Inspired by “Men & Women,” a series of photos shot by Bruce Weber in the ‘80s, Mitsuru Nishizaki explored the notion of luxury through the layering of precious cloths. Like contemporary urban nomads, he wrapped his models in superpositions of fabric in a play of contrasts between tailored structures and indulgent, ample volumes.
His combination of menswear pinstripes, formal doeskin habitually used for eveningwear, matte wools and satiny nylon taffeta was worked in a palette of neutrals interspersed with dusty pale yellow and mulberry, the largely tone-on-tone styling highlighting his meticulous attention to detail.
Weighty fringed wool scarves merged with half-length wide sleeves on over-overcoats.
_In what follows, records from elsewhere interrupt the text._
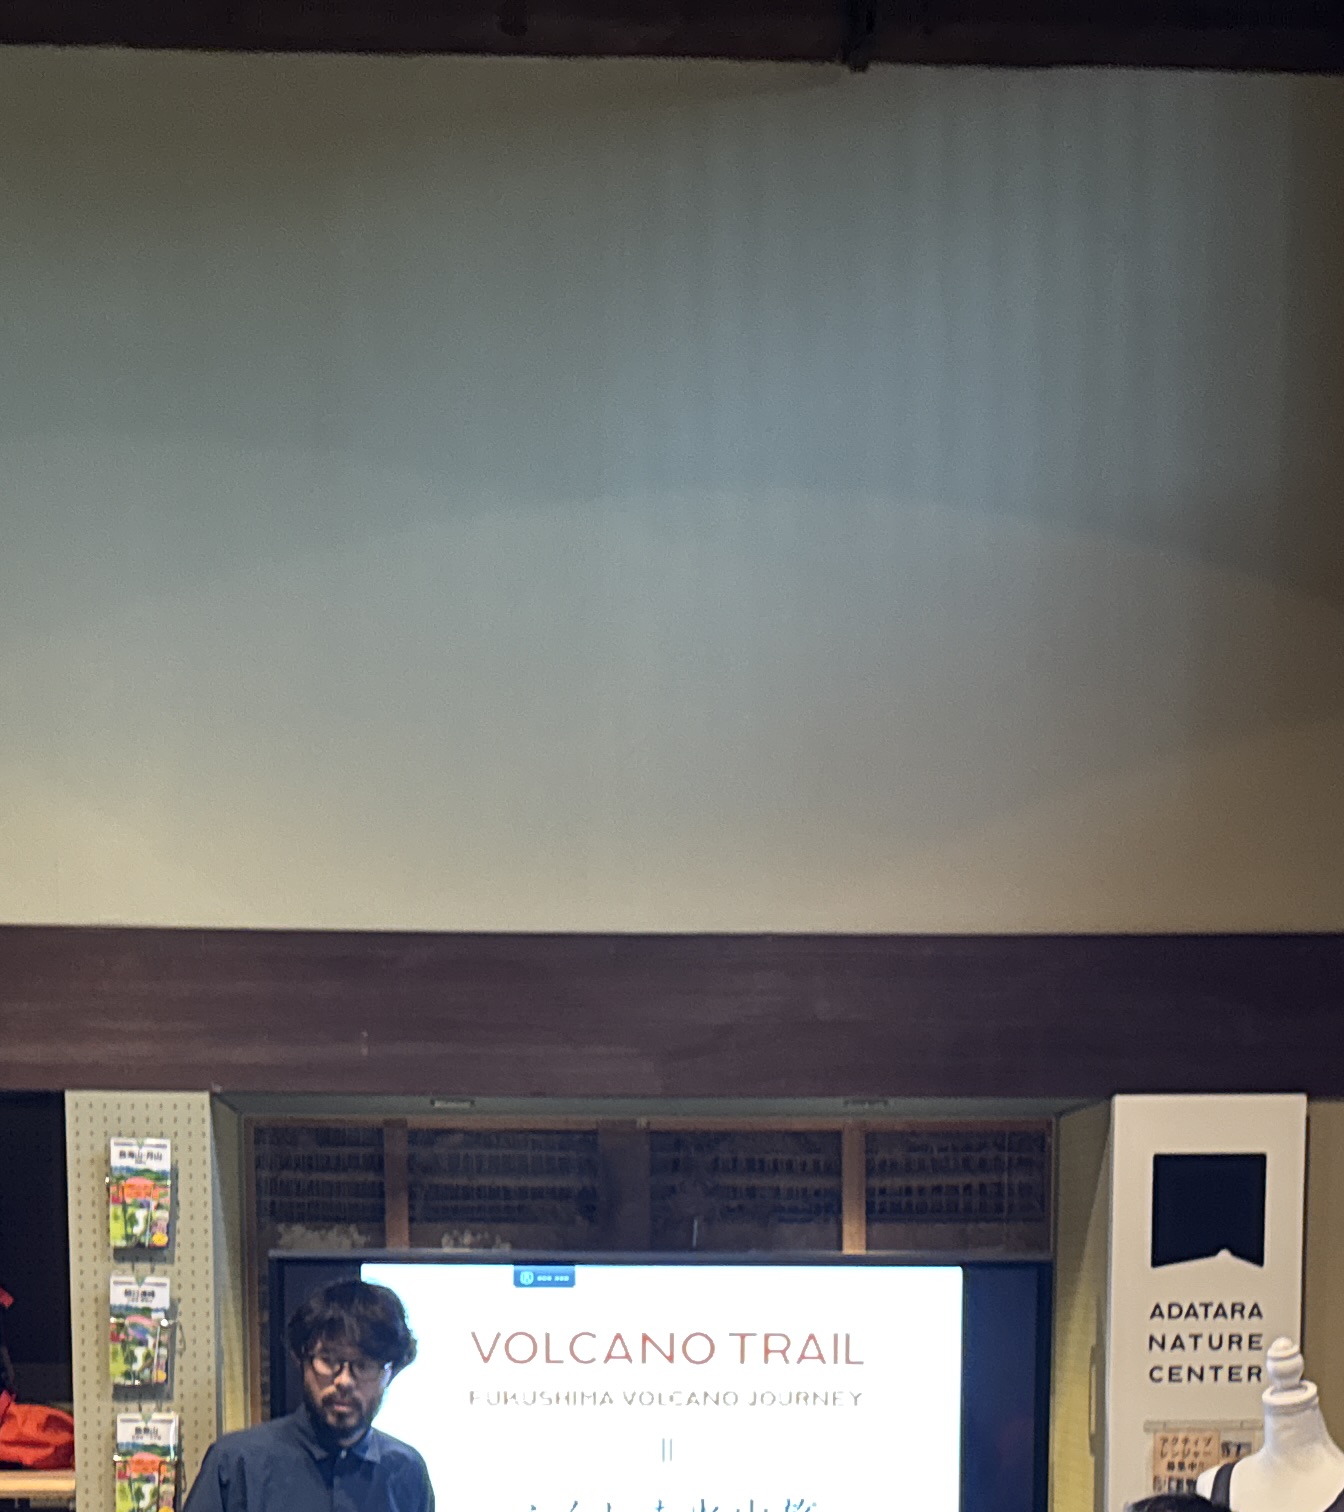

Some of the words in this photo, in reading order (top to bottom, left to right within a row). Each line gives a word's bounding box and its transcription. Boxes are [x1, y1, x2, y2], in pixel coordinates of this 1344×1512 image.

[1149, 1302, 1264, 1321] ADATARA
[470, 1331, 715, 1365] VOLCANO
[728, 1332, 864, 1365] TRAIL
[1148, 1333, 1264, 1351] NATURE
[1148, 1365, 1263, 1383] CENTER
[469, 1390, 614, 1407] FUKUSHIMA
[622, 1390, 739, 1407] VOLCANO
[747, 1390, 863, 1407] JOURNEY
The slanted square dimensions of wide, cropped jackets and capes, punctuated with buttons and fastening details, structured his silhouettes and amplified the volumes.
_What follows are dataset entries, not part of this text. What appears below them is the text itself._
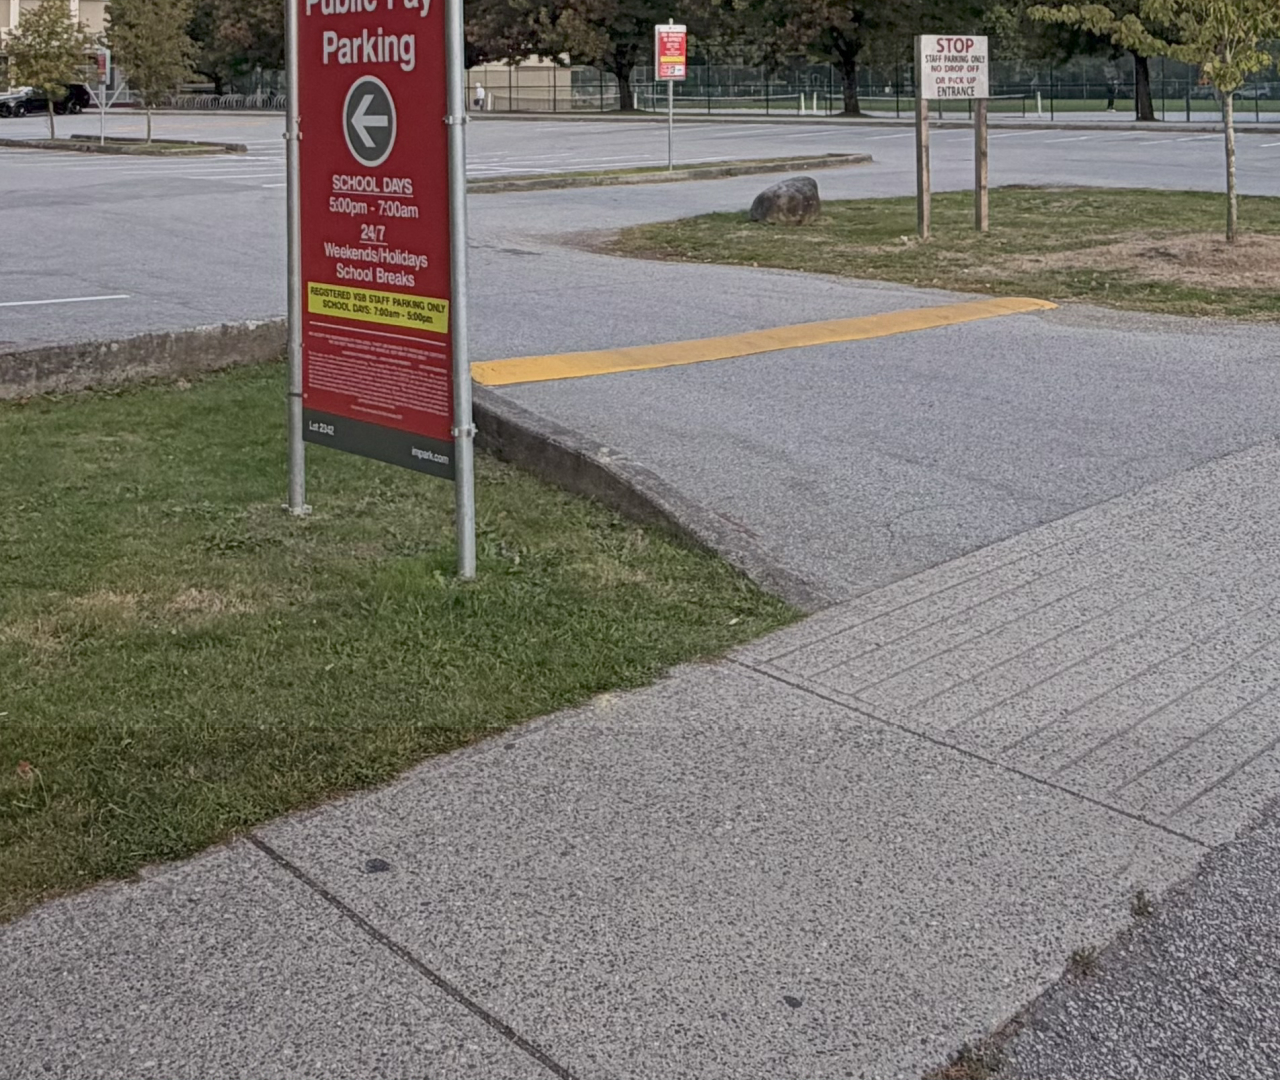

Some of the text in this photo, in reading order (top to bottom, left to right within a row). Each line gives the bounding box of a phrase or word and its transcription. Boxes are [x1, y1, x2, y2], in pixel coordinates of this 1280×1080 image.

[322, 27, 416, 72] Parking
[936, 37, 974, 54] STOP
[925, 54, 942, 63] STAFF
[943, 54, 969, 64] PARKING
[931, 65, 980, 73] NO DROP OFF
[935, 76, 946, 85] OR
[966, 76, 977, 85] UP
[937, 86, 975, 97] ENTRANCE
[332, 174, 413, 194] SCHOOL DAYS
[329, 196, 368, 217] 5:00pm
[378, 200, 419, 219] 7:00am
[360, 223, 386, 242] 24/7
[324, 241, 428, 271] Weekends/Holidays
[336, 262, 416, 287] School Breaks
[310, 286, 351, 300] REGISTERED
[368, 294, 390, 305] STAFF
[392, 297, 425, 311] PARKING
[427, 302, 446, 313] ONLY
[322, 299, 351, 312] SCHOOL
[352, 303, 372, 315] DAYS:
[373, 306, 400, 319] 7:00am
A novel version of the double-breasted jacket featured slits on the sides, creating a bib-like panel at the front and allowing the arms to emerge from beneath. Double sleeves on certain silhouettes heightened the voluptuous approach. Nishizaki used apron-like skirts, meanwhile, to create similar proportions on the lower half of the body. On the more urban silhouettes, his shiny raincoats had slightly ruched seams, augmenting their dimensions but adding a sense of airiness as they passed by on the runway.